Microsoft BUILD 2013: What To Expect
When Microsoft first announced that it would scrap its MIX internet develop conference and hardware focused WINHEC conference to create BUILD, the stakes couldn’t have been lower. Having grown accustomed to the unceremonious nature of Microsoft press events and conferences, users of the company’s products could barely understand why the company would create a new conference, mashing up more of things they didn’t care about.
Then at the first BUILD conference held in Anaheim, California the company dropped the bombshell that was Windows 8, announcing to the world that it would no longer sit idly by and watch other companies eat away at its core businesses without a fight. At that event, the company unveiled its first Developer Preview for Windows 8 and handed out free Samsung tablets to attendees.

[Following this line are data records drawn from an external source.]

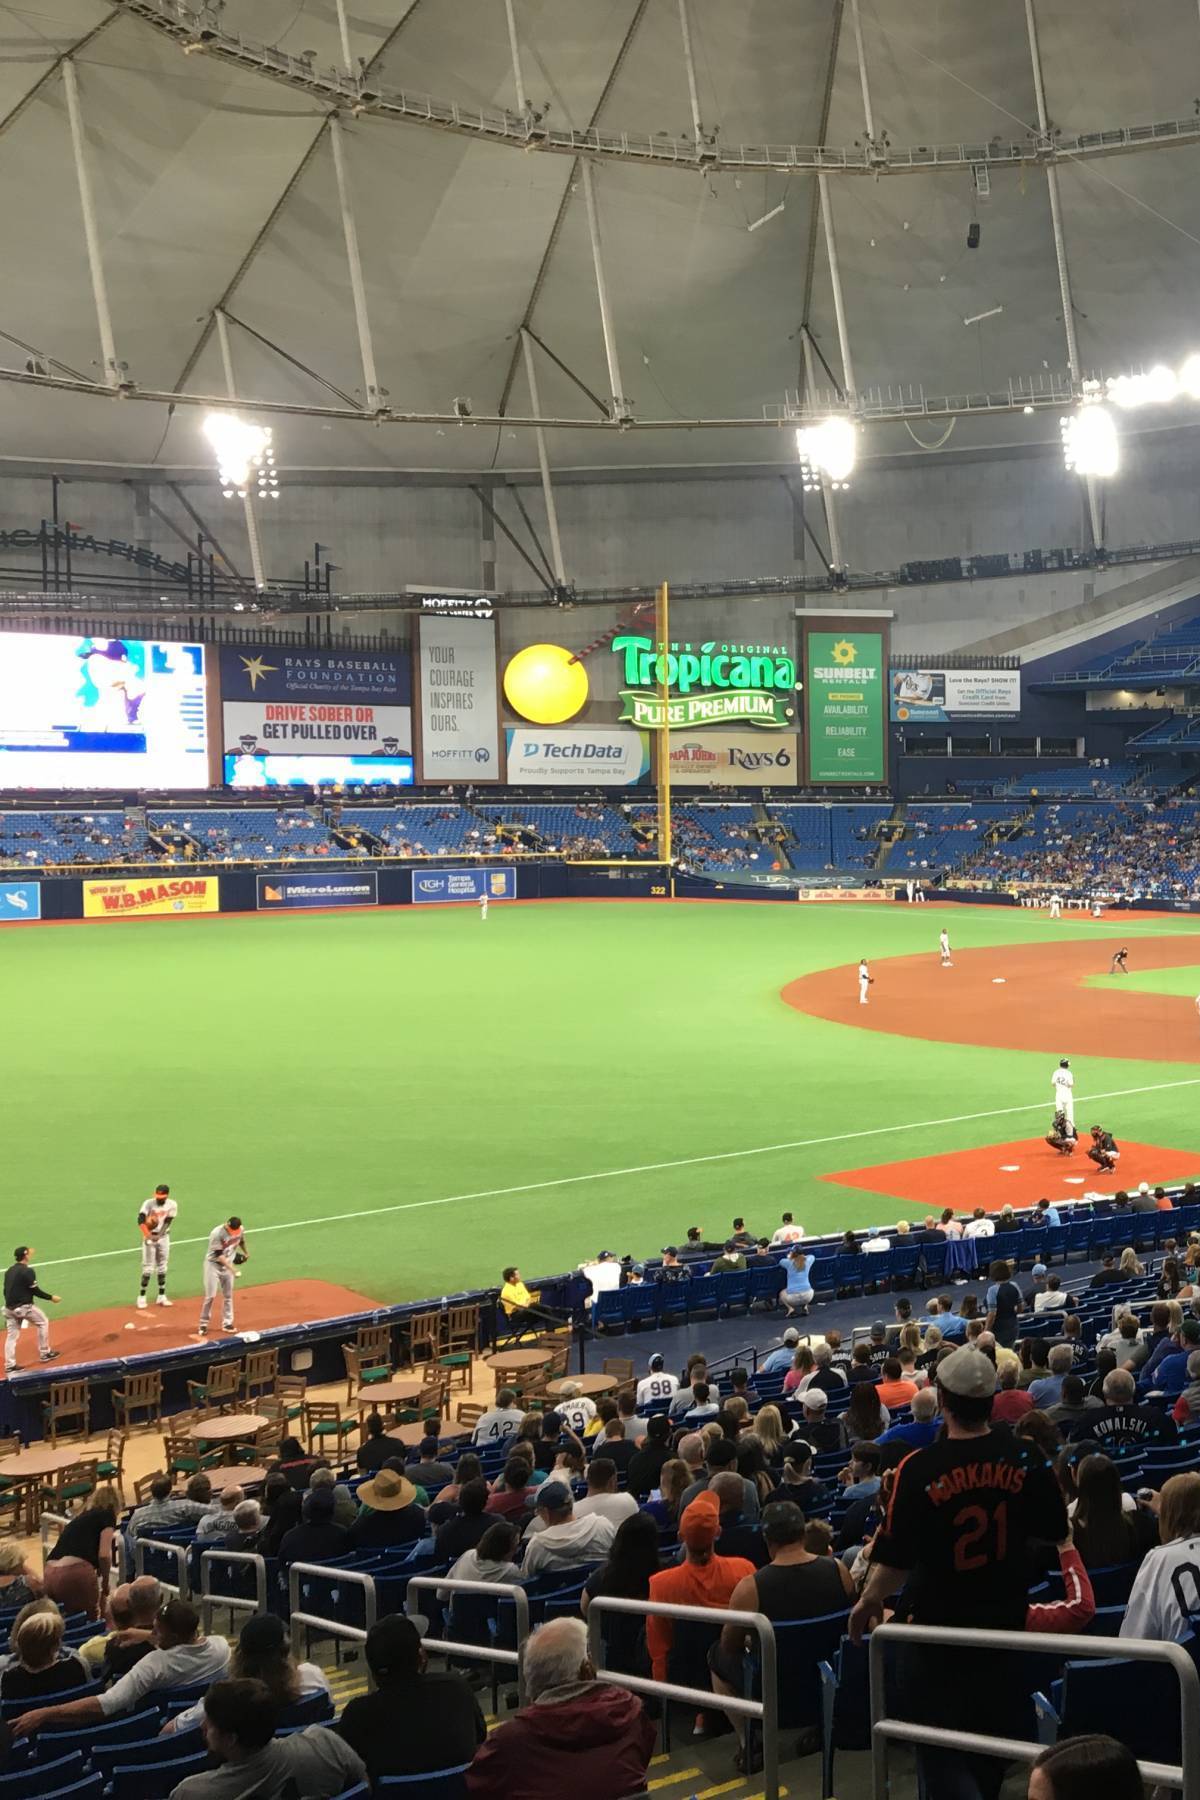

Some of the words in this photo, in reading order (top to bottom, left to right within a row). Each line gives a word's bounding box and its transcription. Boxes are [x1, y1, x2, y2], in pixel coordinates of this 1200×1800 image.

[429, 646, 455, 664] YOUR
[721, 644, 788, 655] ORIGINAL
[285, 658, 320, 668] RAYS
[327, 659, 397, 671] BASEBALL
[612, 636, 796, 693] Tropicana
[286, 670, 396, 684] FOUNDATION
[429, 669, 475, 687] COURAGE
[814, 667, 876, 679] SUNBELT
[430, 692, 473, 710] INSPIRES
[266, 705, 306, 722] DRIVE
[309, 706, 353, 723] SOBER
[356, 708, 374, 723] OR
[634, 700, 685, 723] PURE
[688, 697, 774, 720] PREMIUM
[824, 705, 869, 715] AVAILABILITY
[431, 714, 460, 731] OURS.
[262, 723, 289, 739] GET
[291, 724, 341, 740] PULLED
[343, 725, 378, 741] OVER
[825, 726, 867, 736] RELIABILITY
[432, 750, 473, 759] MOFFITT
[775, 748, 791, 767] 6
[838, 748, 856, 758] EASE
[520, 767, 548, 775] Proudly
[550, 767, 585, 775] Supports
[587, 767, 611, 775] Tampa
[612, 767, 626, 776] Bay
[423, 880, 445, 888] TGH
[448, 886, 476, 894] Hospital
[650, 887, 665, 895] 322
[650, 1380, 672, 1396] 98
[489, 1421, 514, 1437] 42
[1092, 1416, 1148, 1436] KOWALSKI
[927, 1461, 1026, 1506] MARKAKIS
[953, 1500, 1008, 1571] 21
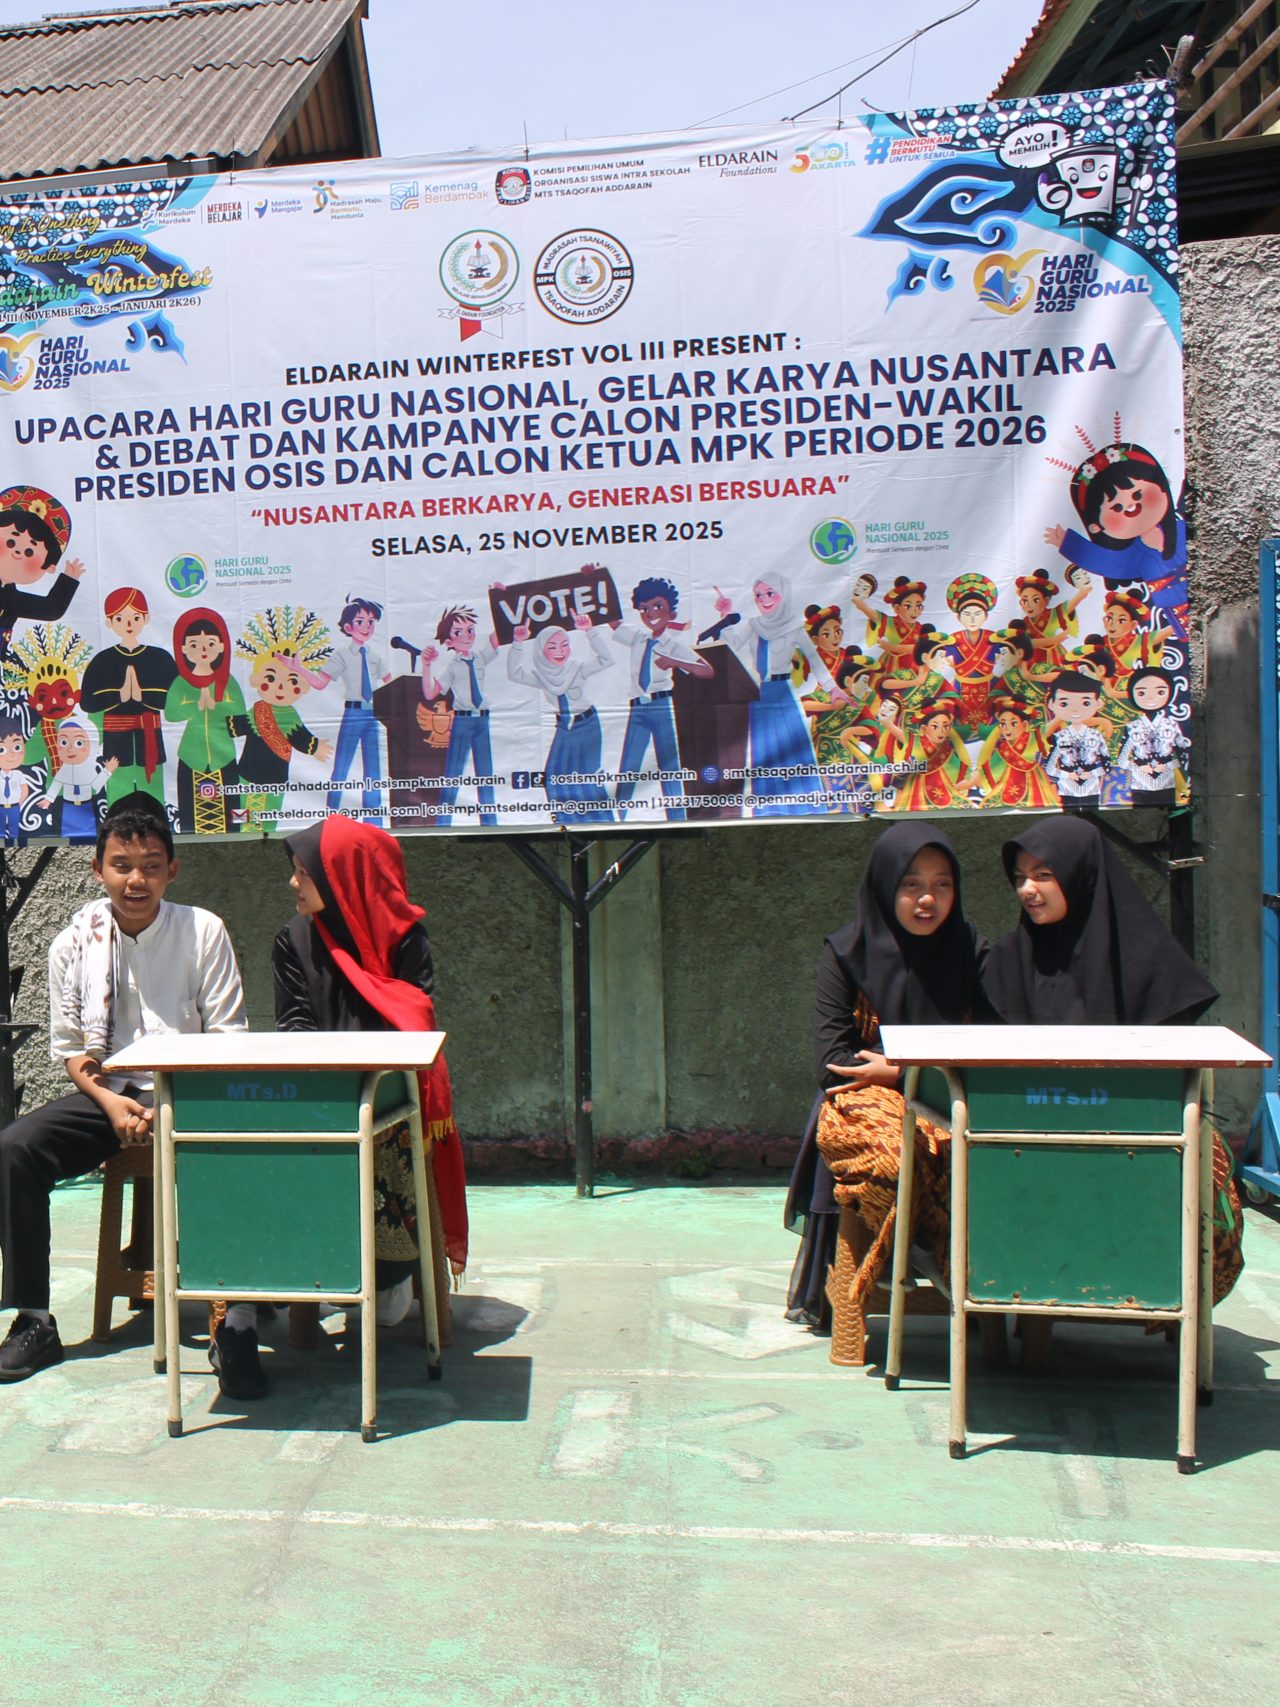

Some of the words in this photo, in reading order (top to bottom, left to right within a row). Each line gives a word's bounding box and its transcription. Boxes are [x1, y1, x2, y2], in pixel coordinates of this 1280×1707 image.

[1014, 133, 1044, 147] AYO
[698, 149, 778, 168] ELDARAIN
[889, 154, 921, 163] UNTUK
[923, 151, 955, 160] SEMUA
[891, 145, 935, 156] BERMUTU
[534, 167, 565, 176] KOMISI
[567, 162, 614, 173] PEMILIHAN
[616, 160, 644, 169] UMUM
[719, 164, 778, 178] Foundations
[534, 176, 588, 187] ORGANISASI
[590, 173, 619, 182] SISWA
[621, 171, 647, 179] INTRA
[649, 167, 690, 177] SEKOLAH
[425, 181, 478, 193] Kemenag
[534, 190, 553, 198] MTS
[555, 186, 603, 197] TSAQOFAH
[605, 182, 652, 192] ADDARAIN
[271, 198, 301, 207] Merdeka
[425, 190, 489, 204] Berdampak
[158, 209, 196, 217] Kurikulum
[207, 201, 242, 213] MERDEKA
[271, 205, 303, 214] Mengajar
[19, 217, 35, 233] Is
[158, 217, 191, 225] Merdeka
[207, 212, 242, 224] BELAJAR
[16, 248, 70, 265] Practice
[74, 240, 149, 264] Everything
[544, 237, 578, 270] MADRASAH
[578, 235, 624, 264] TSANAWIYAH
[1041, 253, 1094, 272] HARI
[86, 266, 213, 295] Winterfest
[536, 275, 555, 284] MPK
[613, 269, 632, 278] OSIS
[1040, 268, 1098, 286] GURU
[1036, 278, 1150, 301] NASIONAL
[82, 305, 110, 315] 2K25
[119, 300, 167, 312] JANUARI
[544, 290, 585, 318] TSAQOFAH
[586, 284, 626, 317] ADDARAIN
[1034, 300, 1075, 313] 2025
[40, 335, 83, 353] HARI
[38, 349, 89, 366] GURU
[285, 360, 409, 386] ELDARAIN
[417, 348, 574, 379] WINTERFEST
[582, 344, 634, 367] VOL
[640, 341, 666, 361] III
[673, 332, 787, 358] PRESENT
[35, 358, 130, 380] NASIONAL
[33, 377, 70, 391] 2025
[15, 407, 176, 444] UPACARA
[190, 400, 272, 432] HARI
[282, 393, 380, 423] GURU
[391, 380, 587, 419] NASIONAL,
[597, 370, 716, 403] GELAR
[727, 361, 859, 396] KARYA
[871, 342, 1116, 386] NUSANTARA
[95, 444, 120, 470] &
[129, 434, 239, 467] DEBAT
[262, 430, 326, 459] DAN
[336, 413, 541, 453] KAMPANYE
[551, 405, 681, 437] CALON
[691, 384, 1023, 430] PRESIDEN-WAKIL
[75, 462, 236, 503] PRESIDEN
[244, 456, 322, 489] OSIS
[335, 456, 412, 485] DAN
[422, 446, 550, 479] CALON
[560, 436, 682, 472] KETUA
[691, 431, 774, 463] MPK
[785, 421, 945, 458] PERIODE
[954, 415, 1047, 448] 2026
[422, 492, 562, 520] BERKARYA,
[568, 484, 693, 509] GENERASI
[865, 523, 891, 533] HARI
[894, 521, 925, 531] GURU
[371, 533, 472, 558] SELASA,
[478, 532, 506, 551] 25
[513, 522, 658, 551] NOVEMBER
[665, 520, 724, 544] 2025
[865, 532, 920, 544] NASIONAL
[923, 531, 949, 541] 2025
[214, 558, 238, 568] HARI
[240, 556, 269, 566] GURU
[215, 567, 265, 578] NASIONAL
[267, 565, 292, 575] 2025
[499, 581, 609, 625] VOTE!
[227, 1083, 297, 1100] MTs.D
[1026, 1087, 1108, 1105] MTs.D

Just after the widespread availability of Windows 8, the company held its second Microsoft BUILD conference, this time showing off the new ways developers could harness Windows Phone and Windows 8 to create similar experiences with the same code. At the conference Microsoft’s message was clear, they wanted to tell developers and the Microsoft enthusiast community why developing for their products was easier than other platforms, a message that it would continue to push as it tried to shore up it’s application stores for both platforms.
Since the company began holding BUILD, it’s moved to quiet its PR message. Instead of spending years talking about new products that users may or may not ever see, the company now seems to be perfectly content with keeping users and developers in the dark about what could be coming down the pike. All told, it’s a more Apple like approach and in that vein BUILD is now one of the few times a year when Microsoft is encouraged — no required to put on a spectacle like Apple’s WWDC and Google I/O.
With those expectations and the relatively young nature of Windows 8 as a backdrop, users could expect a slew of announcements from the company over the entire range of its products.
Windows 8.1 for all
Microsoft has already announced that it will provide users with a preview of the Windows 8.1 update that it expects to ship this fall. As per the past two BUILD conferences, Microsoft will make that preview available to all attendees as well as those at home who are interested. In that build, Microsoft will return some form of the Start Menu back to users and add a new layer of customization to the stark, drab motif that’s dogged Windows 8 so far.
While Google might not have chosen to talk more about its next version of Android at its event, Apple did and Microsoft will need to as well. If it doesn’t, the company faces the same criticism that’s dogged its mobile phone operating system for years now: that the company moves too slow and simply can’t compete in a market with two incumbent operating systems.
If the company does discuss future versions of Windows Phone I’d expect it to be along the lines of how much more closely the company is moving to make Windows Phone and Windows closer. From a developer perspective that could mean even less coding changes than they have to make today to get apps working on both platforms. As Microsoft is aggressively moving to sync features across Windows 8 devices using its SkyDrive service, expect to hear more about how SkyDrive makes Windows Phone unique. Windows 8.1’s version of Internet Explorer already has a setting that allows it to send website URLs to Windows Phone devices.
Xbox for All
While the coming out party for the Xbox One this past May was hugely successful, the company’s efforts at this year’s Electronic Entertainment Expo utterly destroyed most of the goodwill customers had for the console due to its requirement that the console be connected to the internet at least once every day. Especially since the requirement is being put in place so that it can silently check to make sure users still own their games. Coming so soon after that debacle, Microsoft will have to assure developers that they aren’t throwing good money after bad by investing in games for their console.
As this is the first new generation of the Xbox console to be developed under what some call Microsoft’s “Windows Anywhere” approach to computing, expect to hear even more about how the Xbox One builds on the foundation of Windows. We’d bet those streaming the event at home will also be in for a few tales of how making games for Xbox One means they can create titles for Microsoft’s Xbox on Windows platform as easily as well.
With the transition from being a software company to creating software, services and devices, Microsoft will need to continue to showcase its hardware chops and deliver more hardware, specifically tablets. This year’s BUILD kicks off just a week after the one-year anniversary of the Surface line of tablets. While not set it stone, between the packaged deals it’s offering consumers and the completely theft-like pricing that it’s offering educational institutions, Microsoft has to be gearing up for an announcement about its next generation hardware. Rumors had pegged that the company is planning on announcing a 7-inch Surface tablet device.
What is nearly cast in stone is the absolute afterthought that Windows RT is currently in the marketplace. Microsoft will have to explain to developers and consumers alike about why they should give a care about Windows RT, an operating system that comes with great battery gains at the price of backwards compatibility.
Microsoft will kick off its BUILD keynote on June 26th at 9:00am Pacific Standard Time. GottaBeMobile will be in the audience and online, bringing users all the day’s top announcements.